(Source data)

Content starts

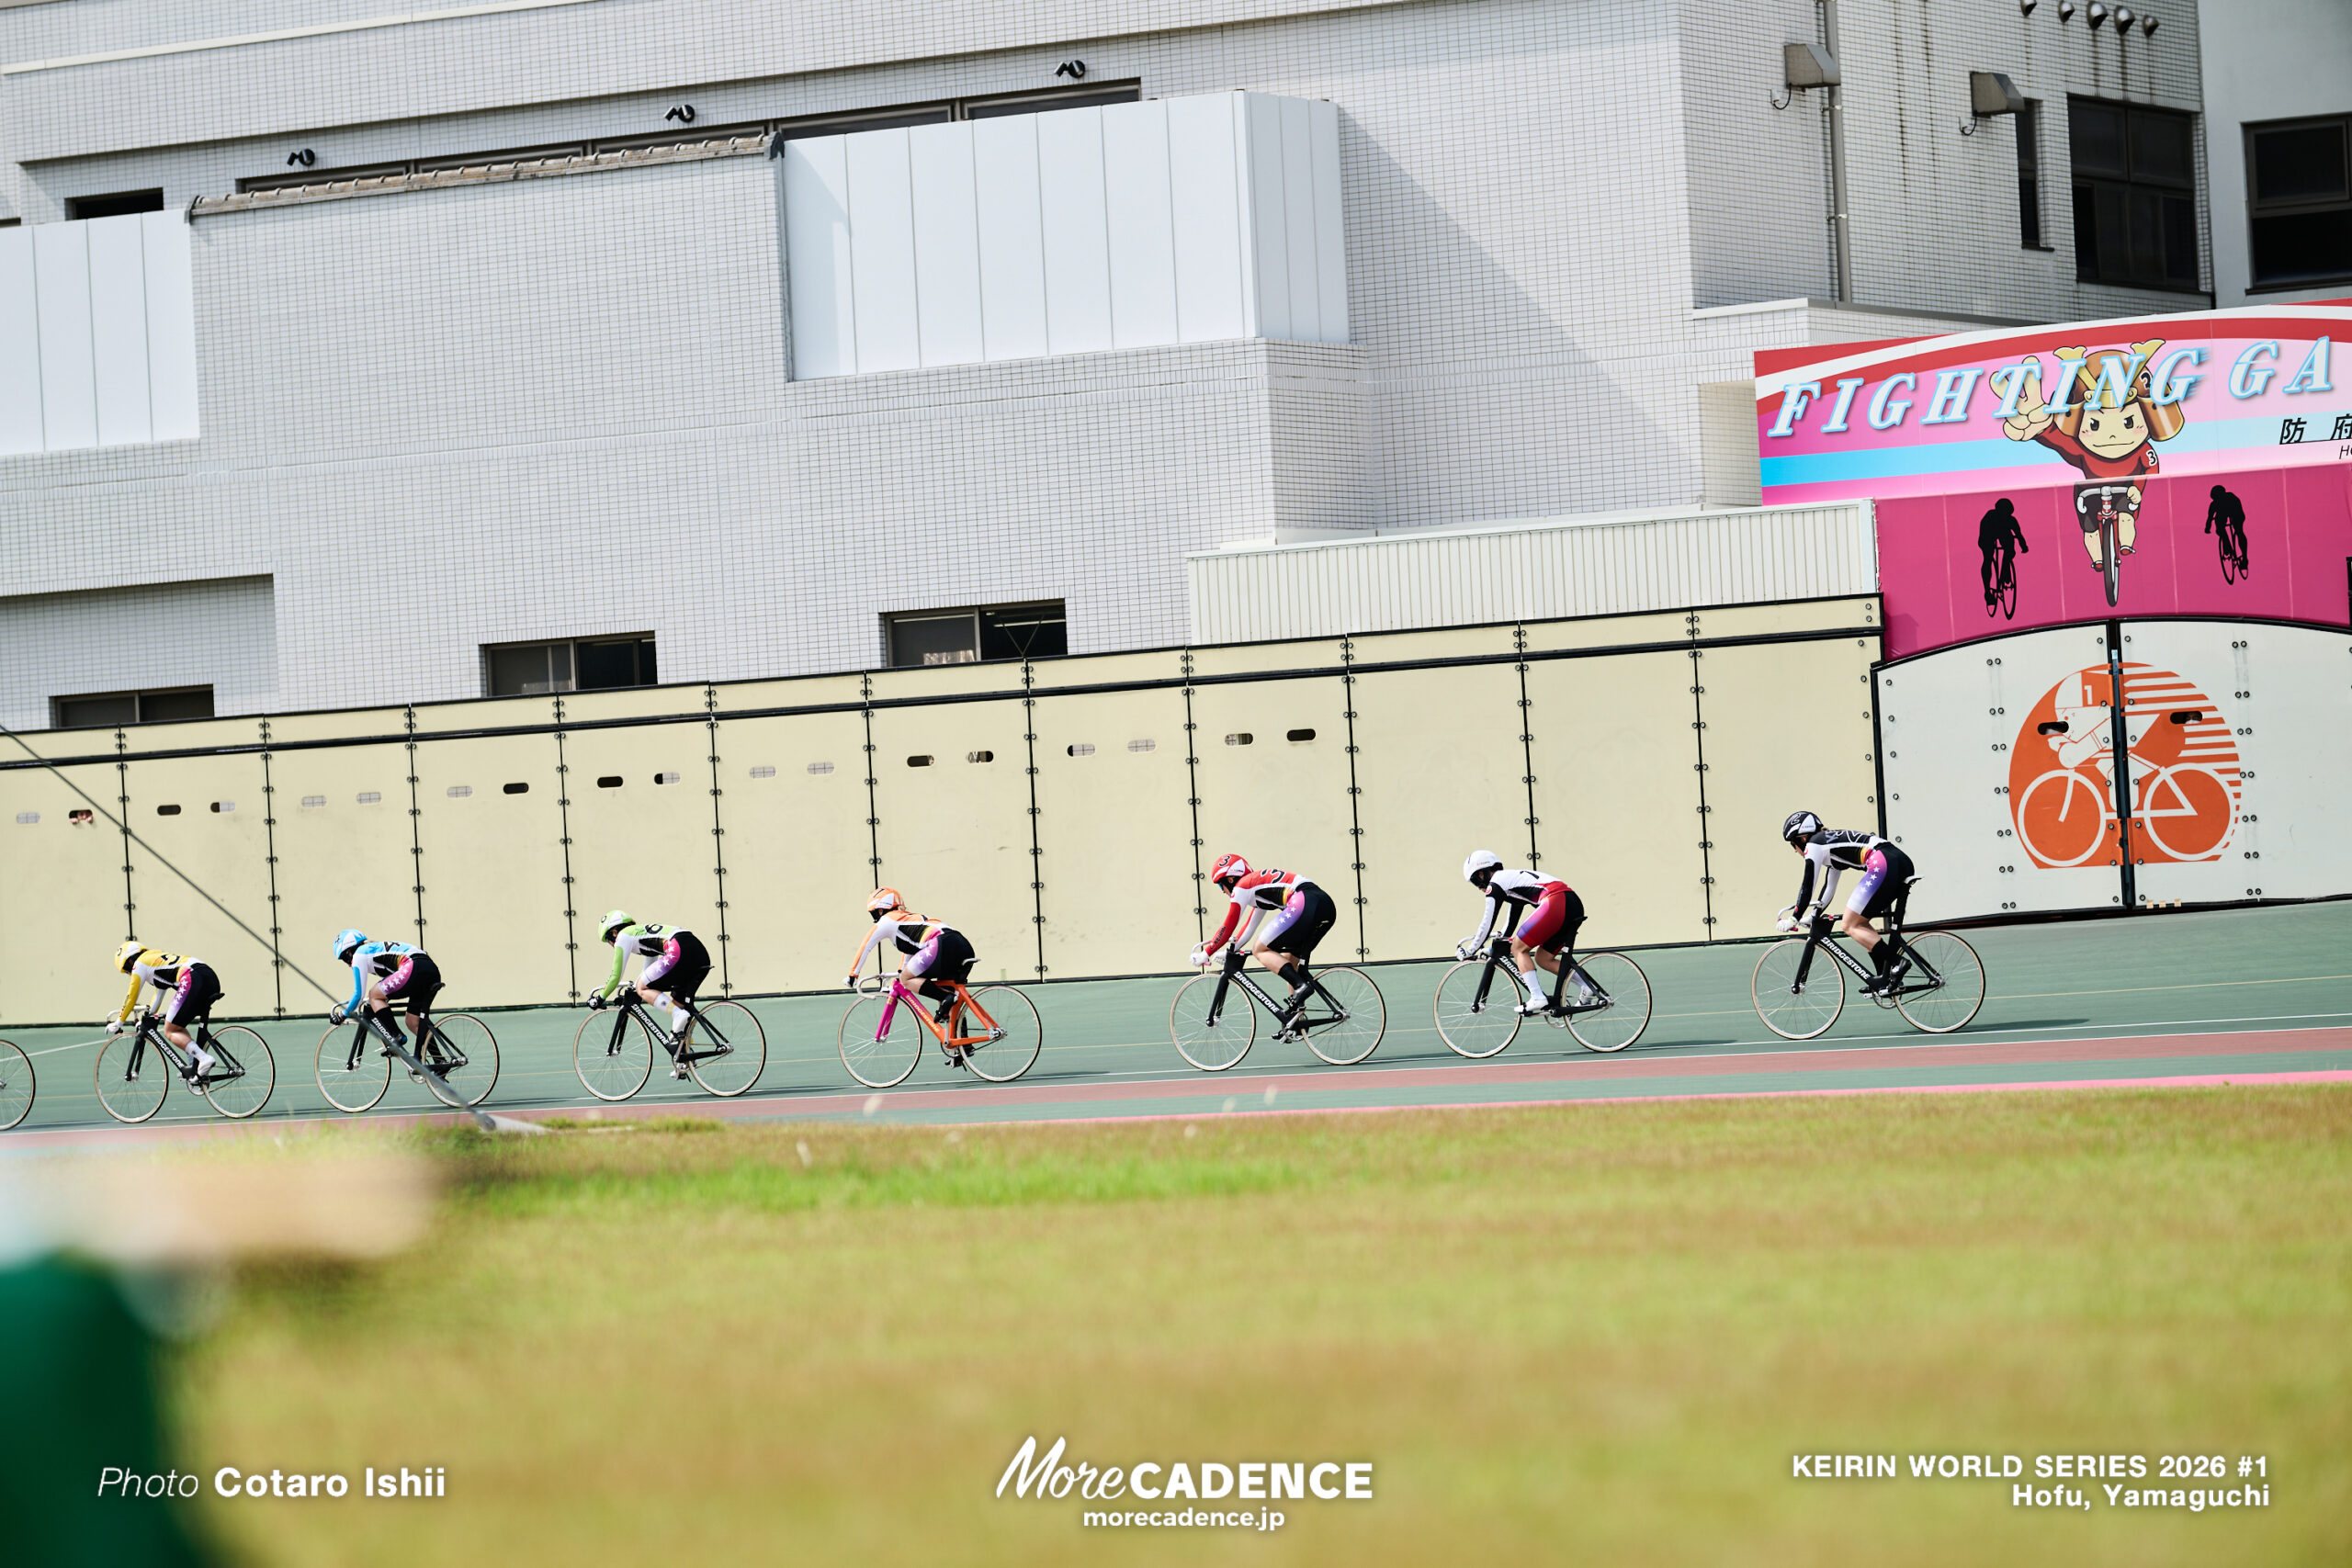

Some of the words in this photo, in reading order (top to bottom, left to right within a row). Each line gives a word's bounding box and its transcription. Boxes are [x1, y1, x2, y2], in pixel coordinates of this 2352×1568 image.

[1767, 347, 2205, 437] FIGHTING
[2146, 450, 2158, 466] 3
[2084, 684, 2093, 705] 1
[1218, 855, 1231, 867] 3
[1820, 936, 1871, 980] BRIDGESTONE
[1233, 971, 1280, 1013] BRIDGESTONE
[631, 1003, 670, 1045] BRIDGESTONE
[147, 1028, 185, 1069] BRIDGESTONE
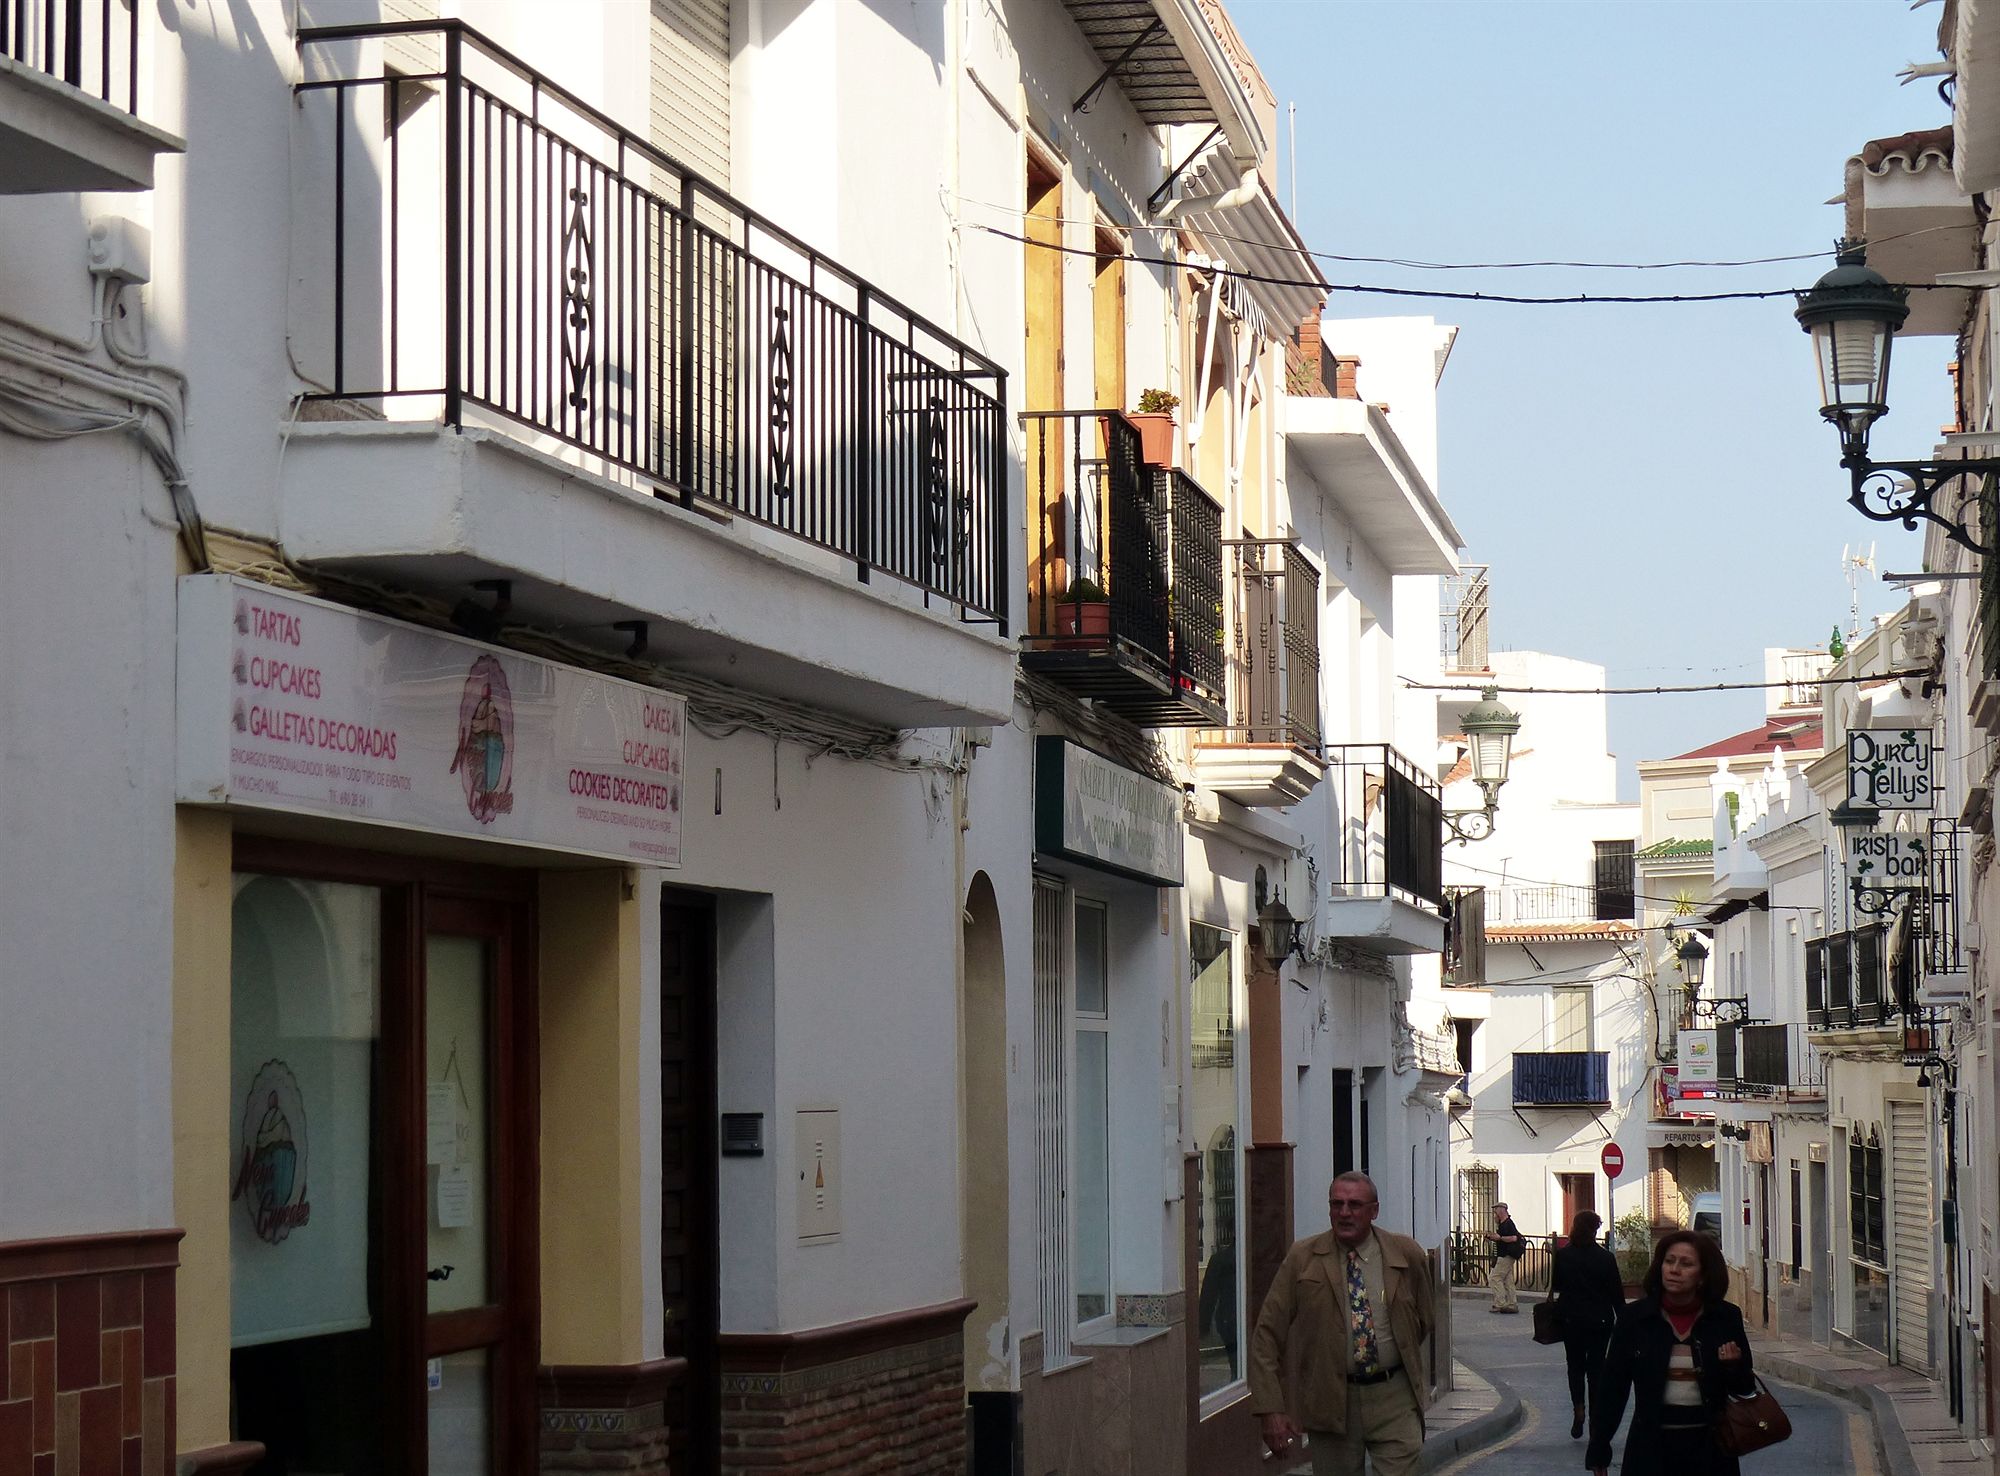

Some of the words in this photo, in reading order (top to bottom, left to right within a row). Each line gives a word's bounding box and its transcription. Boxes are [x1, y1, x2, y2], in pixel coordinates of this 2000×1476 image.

[251, 606, 301, 646] TARTAS
[250, 656, 322, 699] CUPCAKES
[250, 705, 315, 746] GALLETAS
[318, 719, 397, 760] DECORADAS
[643, 704, 671, 733] CAKES
[623, 739, 670, 772] CUPCAKES
[569, 769, 611, 801] COOKIES
[612, 779, 668, 810] DECORATED
[1664, 1133, 1701, 1142] REPARTOS

Content ends

→ Directions
An exact transcription of the data above is needed, without the pictures.

→ Task response
Some of the words in this photo, in reading order (top to bottom, left to right within a row). Each line gives a word's bounding box and its transcription. Boxes are [x1, y1, x2, y2], in pixel coordinates of this 2352×1568 image.

[1767, 347, 2205, 437] FIGHTING
[2146, 450, 2158, 466] 3
[2084, 684, 2093, 705] 1
[1218, 855, 1231, 867] 3
[1820, 936, 1871, 980] BRIDGESTONE
[1233, 971, 1280, 1013] BRIDGESTONE
[631, 1003, 670, 1045] BRIDGESTONE
[147, 1028, 185, 1069] BRIDGESTONE

Some of the words in this photo, in reading order (top to bottom, left to right within a row). Each line gives a word's bounding box and its transcription. Boxes are [x1, y1, x2, y2], in pixel coordinates of this 2000×1476 image.

[251, 606, 301, 646] TARTAS
[250, 656, 322, 699] CUPCAKES
[250, 705, 315, 746] GALLETAS
[318, 719, 397, 760] DECORADAS
[643, 704, 671, 733] CAKES
[623, 739, 670, 772] CUPCAKES
[569, 769, 611, 801] COOKIES
[612, 779, 668, 810] DECORATED
[1664, 1133, 1701, 1142] REPARTOS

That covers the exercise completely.